The entries that follow should be repeated exactly, with no pictures kept.

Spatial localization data
◇ ◇ ◇

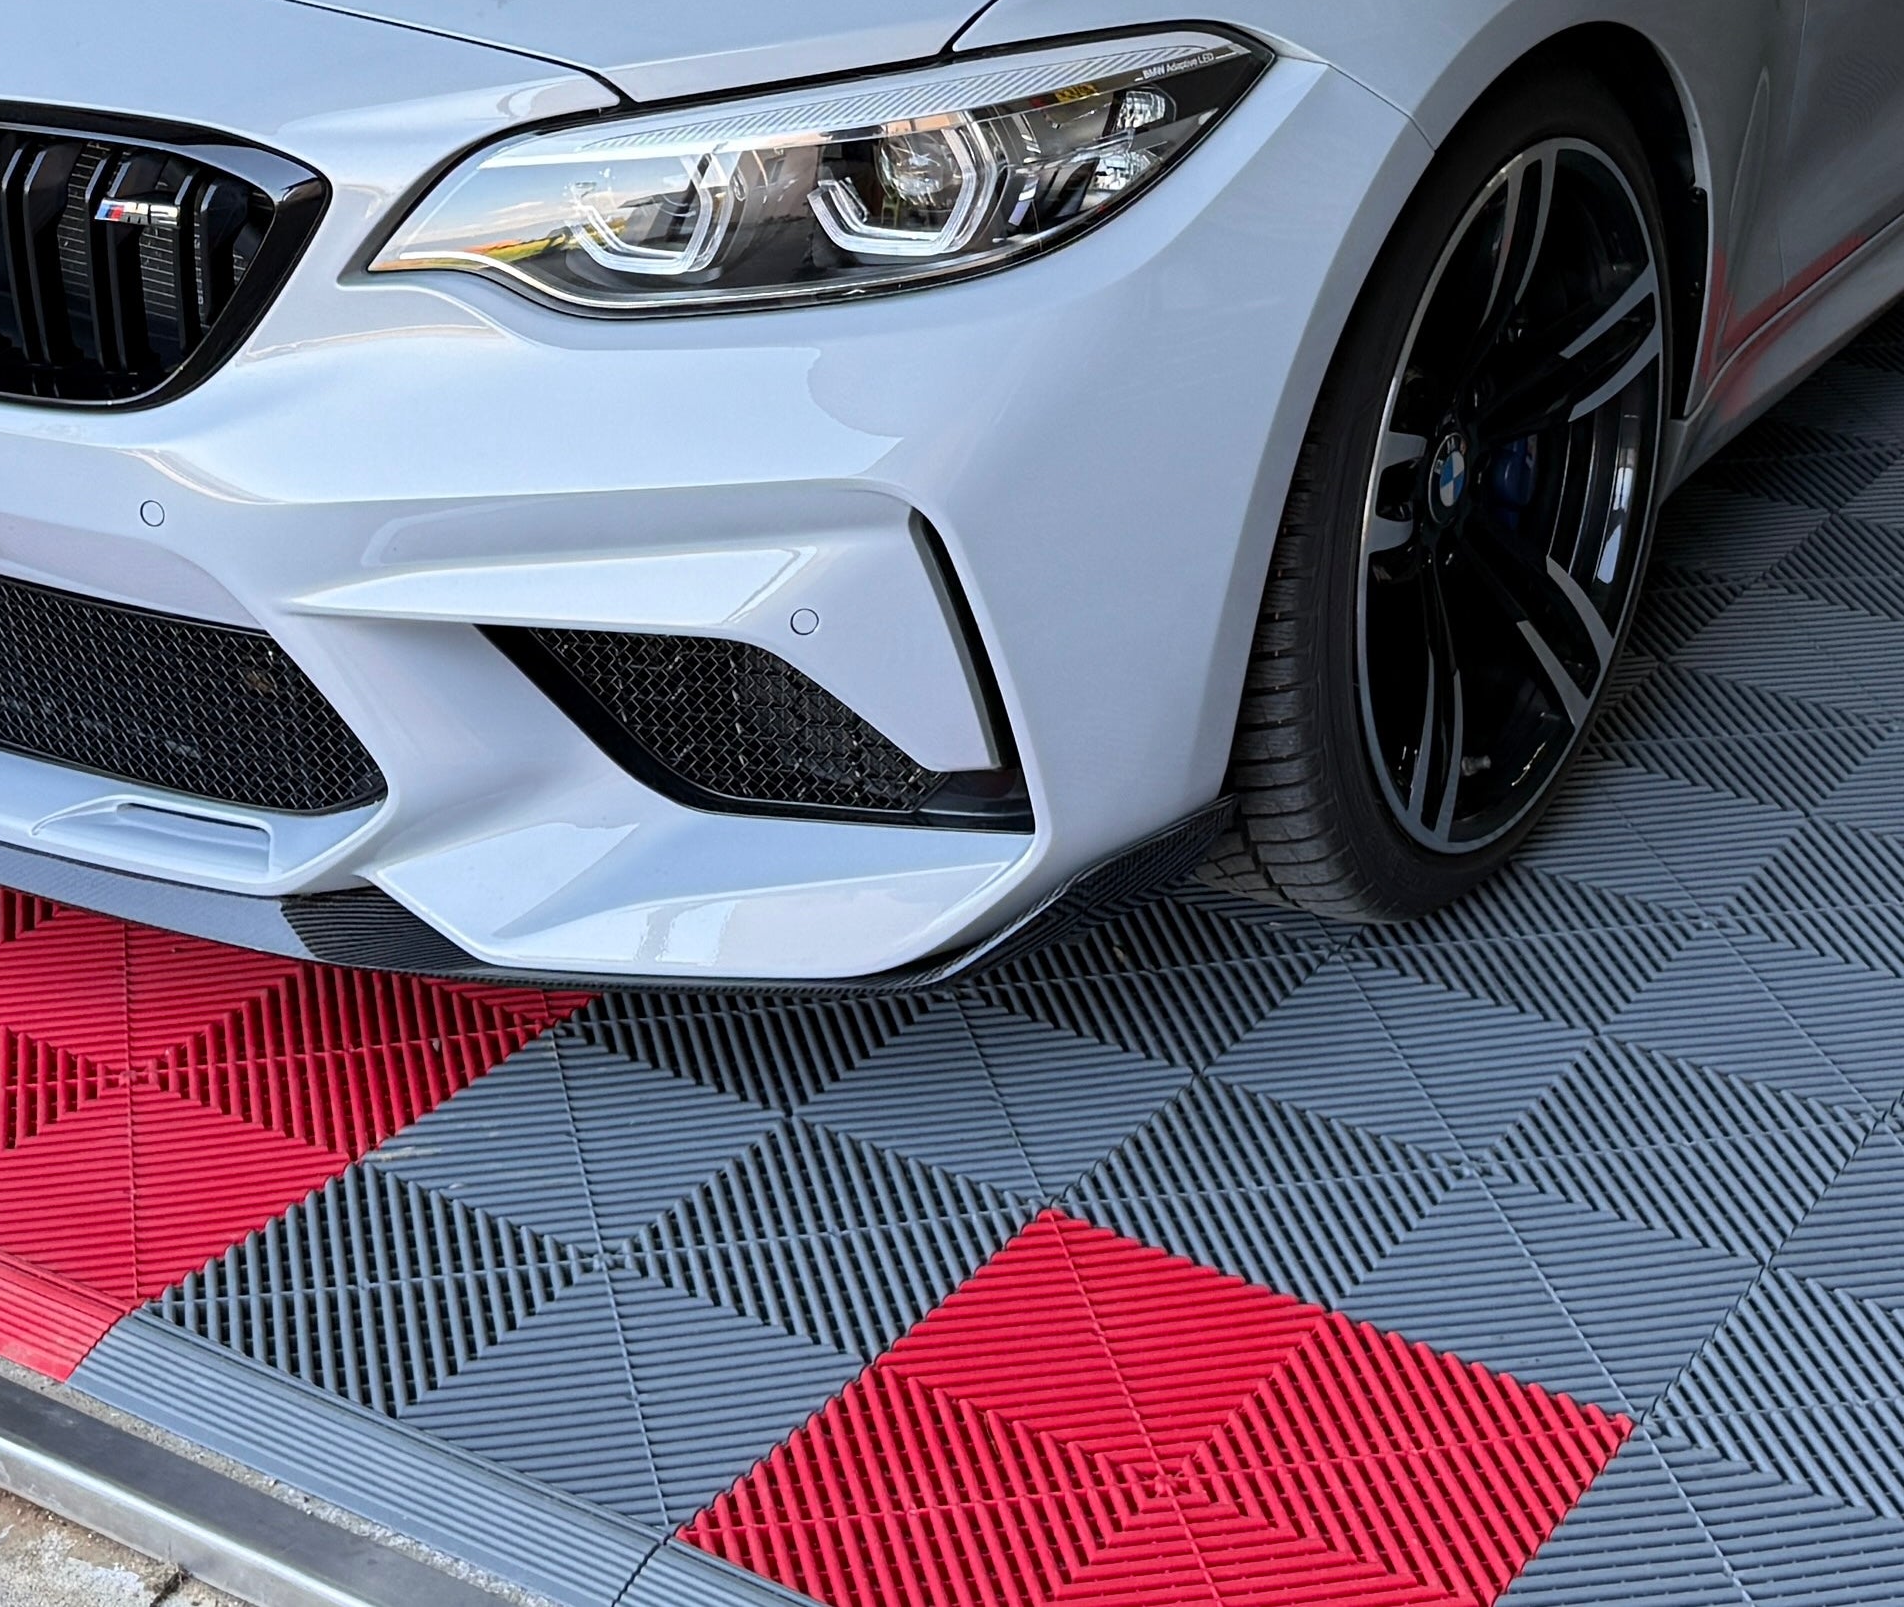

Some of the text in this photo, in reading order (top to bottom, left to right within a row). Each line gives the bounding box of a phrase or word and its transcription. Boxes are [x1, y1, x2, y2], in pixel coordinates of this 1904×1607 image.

[1142, 51, 1215, 80] BMW Adaptive LED
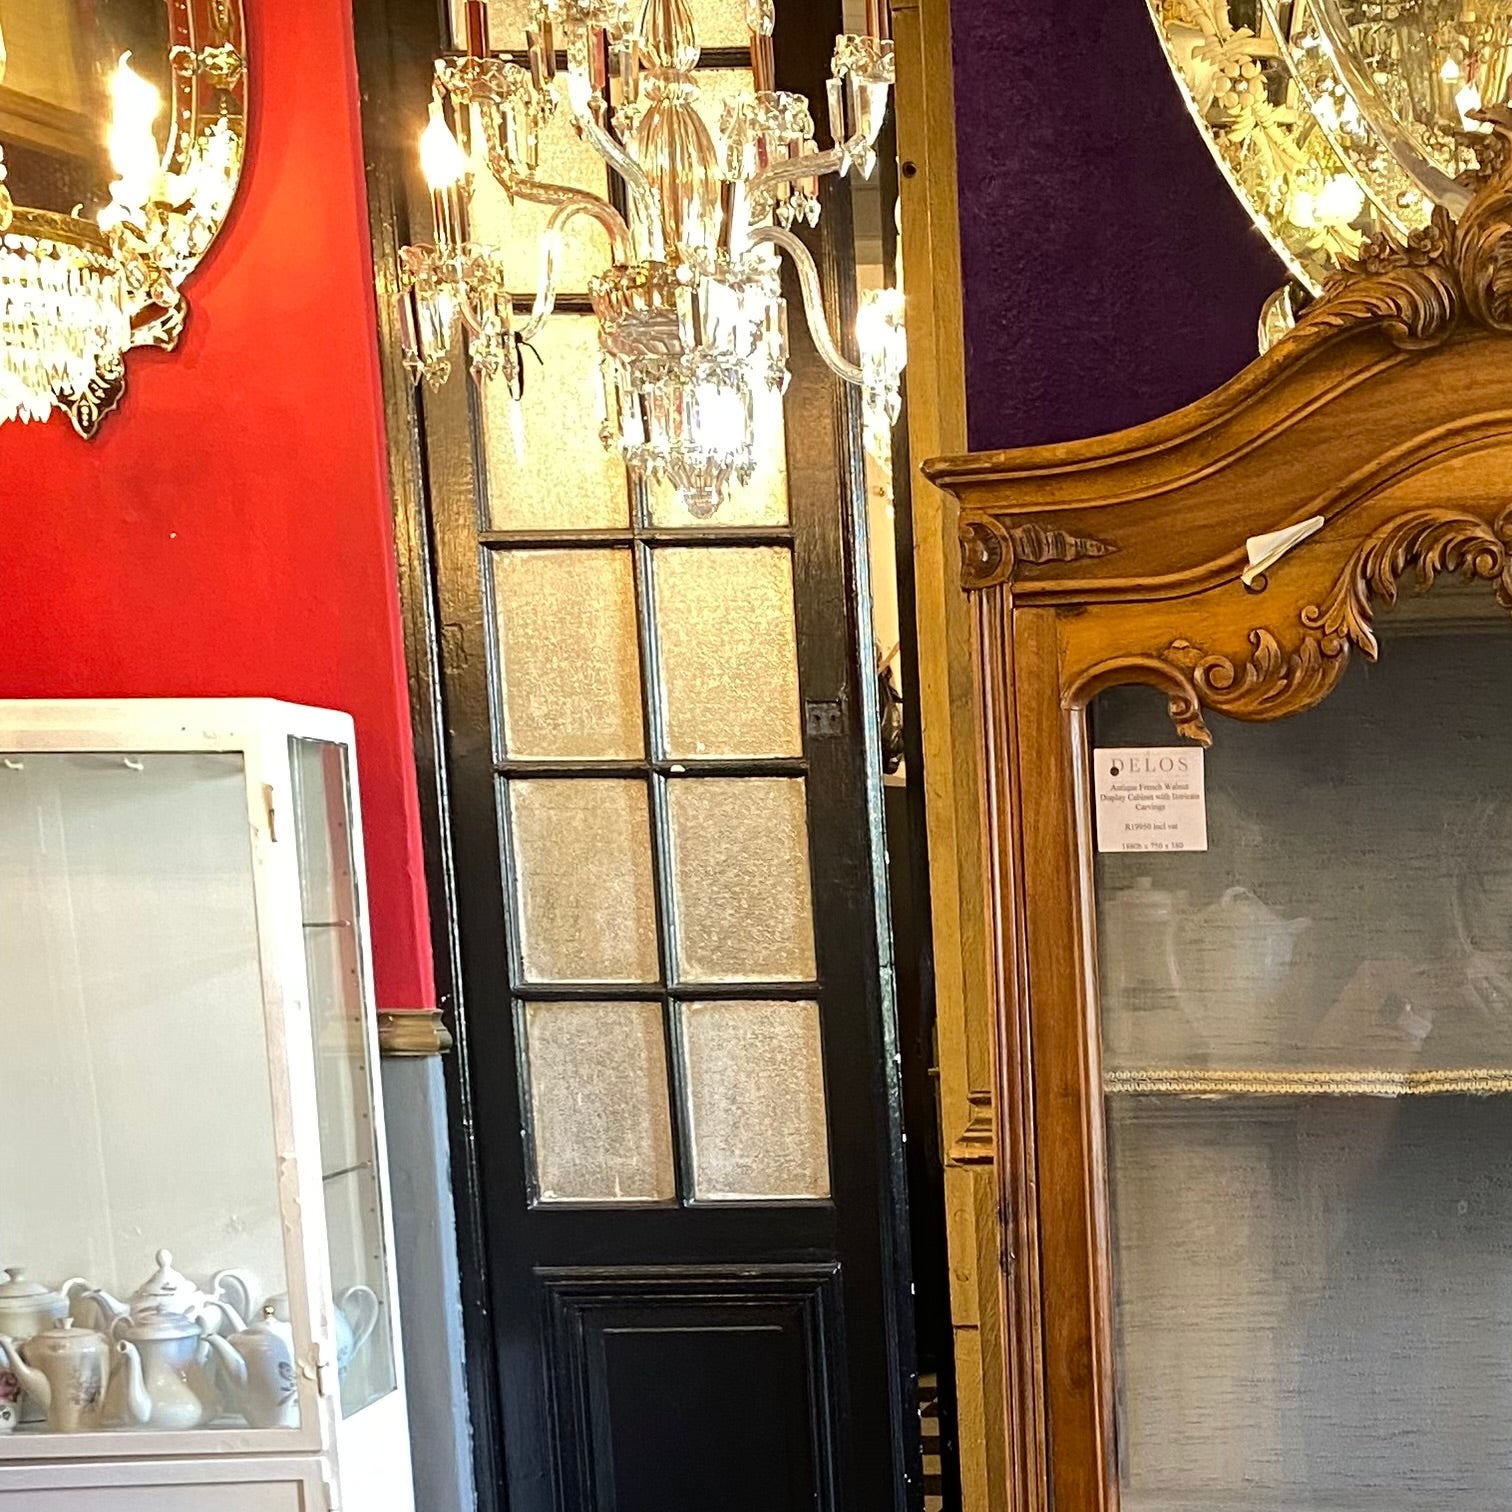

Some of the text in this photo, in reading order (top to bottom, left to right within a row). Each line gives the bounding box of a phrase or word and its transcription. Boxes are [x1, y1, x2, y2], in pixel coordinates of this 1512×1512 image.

[1111, 757, 1188, 772] DELOS
[1110, 784, 1137, 792] Antique
[1100, 794, 1125, 803] Display
[1135, 803, 1165, 811] Carvings
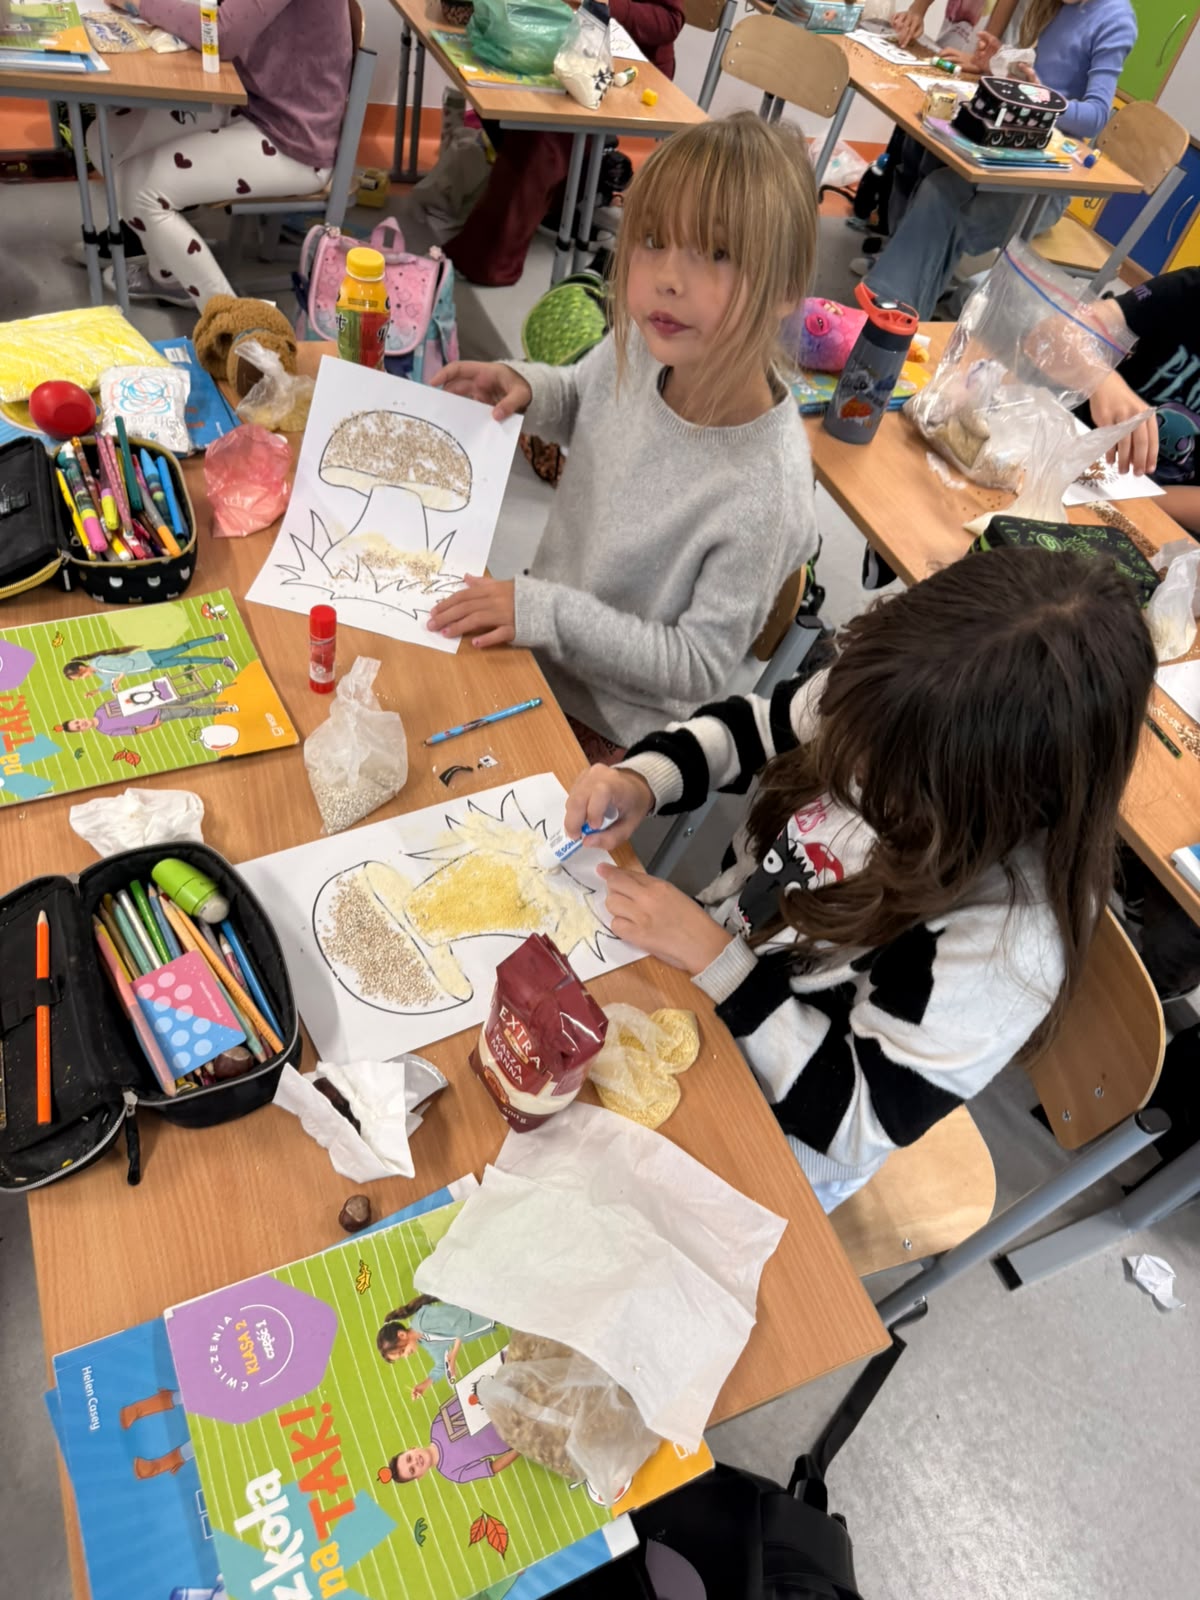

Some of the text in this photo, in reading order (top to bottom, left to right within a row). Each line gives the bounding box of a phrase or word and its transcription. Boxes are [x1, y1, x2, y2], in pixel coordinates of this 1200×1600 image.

◇ ◇ ◇

-- Exercise answer --
Some of the text in this photo, in reading order (top to bottom, left to right within a row). Each line gives the bounding box of a phrase or word and its transcription. Boxes are [x1, y1, x2, y2], in pixel coordinates of this 1904×1607 image.

[1142, 51, 1215, 80] BMW Adaptive LED

Some of the text in this photo, in reading order (top to bottom, left to right within a row). Each line gives the bounding box of a phrase or word and its transcription. Boxes are [x1, y1, x2, y2], in pixel coordinates of this 1512×1512 image.

[1111, 757, 1188, 772] DELOS
[1110, 784, 1137, 792] Antique
[1100, 794, 1125, 803] Display
[1135, 803, 1165, 811] Carvings

Some of the text in this photo, in reading order (top to bottom, left to right within a row). Each line gives the bounding box of a phrase or word and its transcription. Boxes are [x1, y1, x2, y2], in pixel coordinates of this 1200×1600 image.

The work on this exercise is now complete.